Acostumada a ser o padrão de negócios do automobilismo mundial e ditar calendários e regulamentos mundo afora, a F-1 (foto de abertura) vive um momento raro: sem as datas definidas para possíveis 23 corridas de 2021 (*veja adendo ao pé da coluna) já se comenta até um possível adiamento para 2023 na adoção os pneus de aro 18″. Não bastasse isso, o cenário também é afetado pela mudança de comando no gerenciamento da categoria, algo que pode trazer benefícios diretos ao Brasil, por enquanto fora do calendário do ano que vem.
O número cada vez maior de pessoal e volume de carga envolvidos para a realização de um GP demanda cronograma e detalhamento logístico de grandes proporções e que em certos casos abrange mais de uma cidade. Eventos em Spa e Mônaco, por exemplo, chegam a impactar nas cidades vizinhas e até mesmo nos países limítrofes. A corrida de Monte Carlo explora a hotelaria da França e da Itália. Ainda que a atual pandemia tenha afetado o fluxo de turistas e espectadores potenciais, a menor oferta de voos e as restrições impostas pelo distanciamento social anulam eventuais excessos na oferta de hotéis, restaurantes e todos os serviços que o circo da categoria demanda a cada etapa. Garantir que essa caravana tenha onde ficar, comer e como se locomover exige planejamento tão intenso quanto complexo.
Faltando quatro etapas para o término da temporada — a primeira delas domingo, na Turquia — e com Chase Carey prestes a deixar o cargo de presidente da empresa Formula 1, a categoria navega em mares agitados. Se Carey conseguiu realizar uma temporada que seus detratores davam como perdida e, de quebra, negociou com sucesso a renovação o acordo de Concórdia (documento reconhecido pelas equipes participantes para regulamentar direitos e deveres das partes envolvidas), igualmente é notório que sua caça às bruxas herdadas da era Ecclestone também marcaram seu mandato. Seu sucessor a partir de 1º de janeiro será Stefano Domenicali, nome mais afeito aos vícios e virtudes desse mundo. O italiano agrega experiência tanto como líder esportivo (herança dos seus tempos na Ferrari) e comercial (há anos comanda a marca Lamborghini, parte do grupo VW).
Tal currículo permite esperar que as negociações entre a F-1 e seus principais personagens aconteça de maneira diferente, possivelmente favorecendo a presença do Brasil no calendário. Sabe-se que a não renovação do contrato entre a Liberty e a TV Globo já é pintada com cores sem tons de decisão irredutível e que um novo modelo de negócios estaria sendo estudado; as TVs Cultura e SBT também são consideradas como possíveis canais de divulgação no País. O poderio técnico e comercial da empresa da família Marinho, porém, faz muita diferença nesse processo.

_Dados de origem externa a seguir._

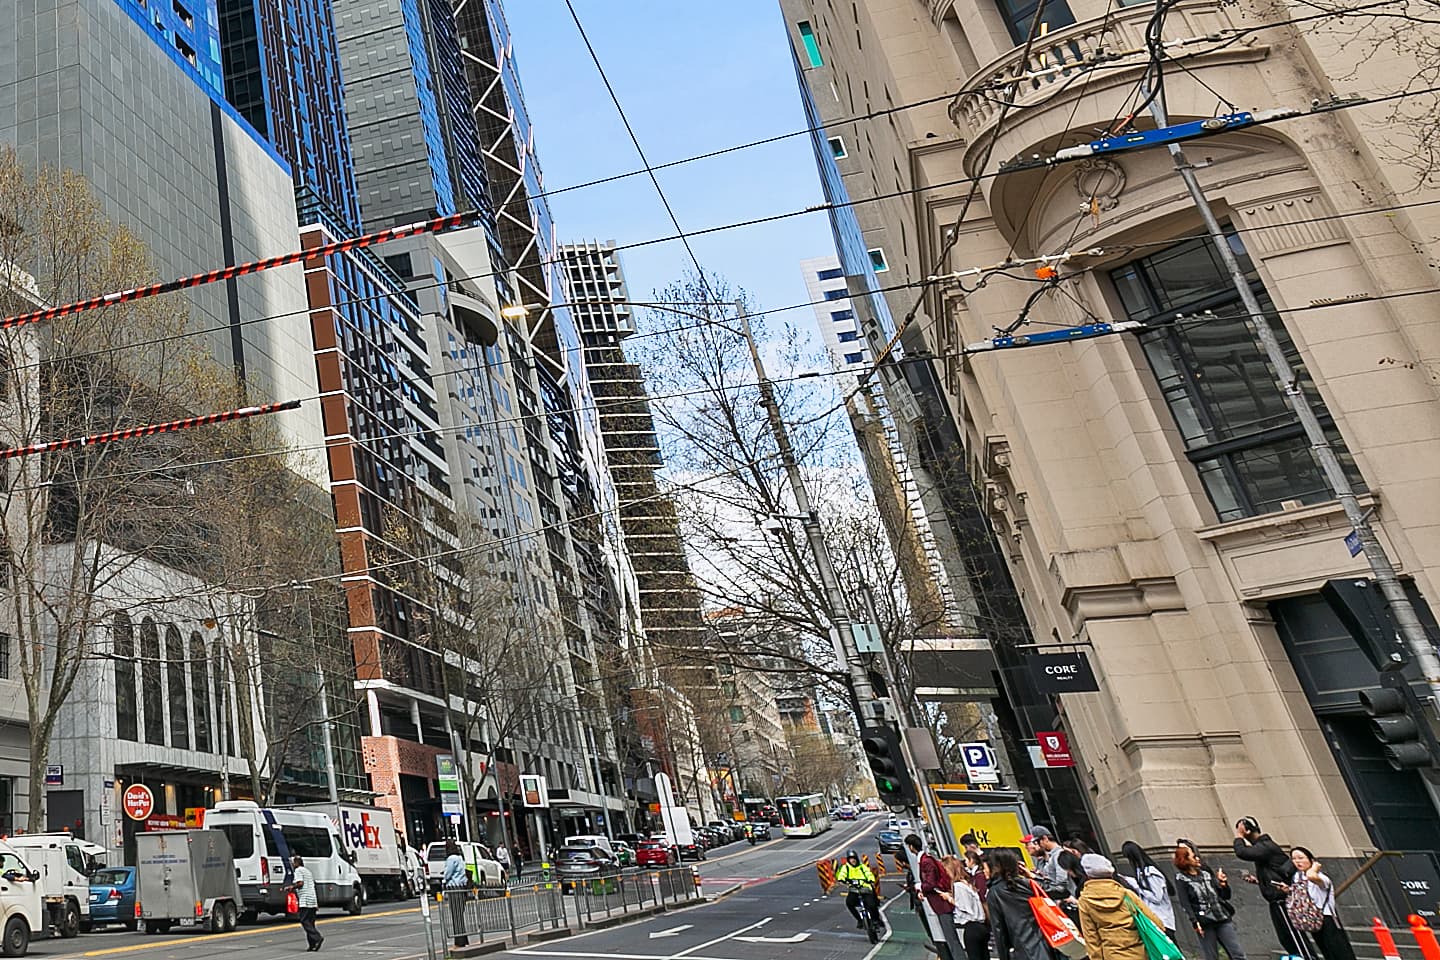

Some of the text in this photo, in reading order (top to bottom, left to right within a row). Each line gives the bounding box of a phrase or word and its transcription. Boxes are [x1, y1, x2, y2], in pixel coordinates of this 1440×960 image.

No plano mais amplo o recrudescimento da pandemia do novo coronavírus na Europa implica na definição do calendário e na negociação com os promotores locais: sem a garantia de que as arquibancadas poderão ser ocupadas, os valores cobrados pela F-1 tendem a cair, o que implica diretamente na monetização dos direitos de transmissão. Este ano vários promotores europeus negociaram extensões de um ou dois anos nos contratos atuais graças à pandemia, caso da Espanha e da Hungria. Outros países simplesmente cancelaram: Canadá, China, França, Países Baixos, Vietnã e, obviamente, a Austrália, que deveria abrir a temporada. Outros países, como a Turquia e Portugal foram resgatados para contornar os problemas de deslocamentos para fora da Europa e garantir um calendário mais graúdo.
O aumento para 23 corridas em 2021 e o severo protocolo sanitário adotado pela F-1 geram a necessidade de aumentar o número de pessoas deslocados a cada prova, algo que vai contra a implementação do teto de gastos para a próxima temporada. Tanto quanto a necessidade de criar duas equipes de engenheiros, técnicos e mecânicos para evitar a exaustão de passar praticamente metade do ano fora de casa, a possibilidade de ter algum elemento barrado por contágio cria a necessidade de ter um banco de reservas a cada etapa, o que também aumenta os custos.
Com um calendário tão apertado, a Pirelli e os projetistas temem que o desenvolvimento dos pneus de aro 18”, previstos para uso em 2022, seja afetado, especialmente pela dificuldade de avaliar o modelo em pista molhada. Por se tratar de um item que determina parâmetros básicos da suspensão esse quadro é tratado com importância muito acima do normal: o projeto de um carro novo é iniciado cerca de 18 meses antes que entre na pista.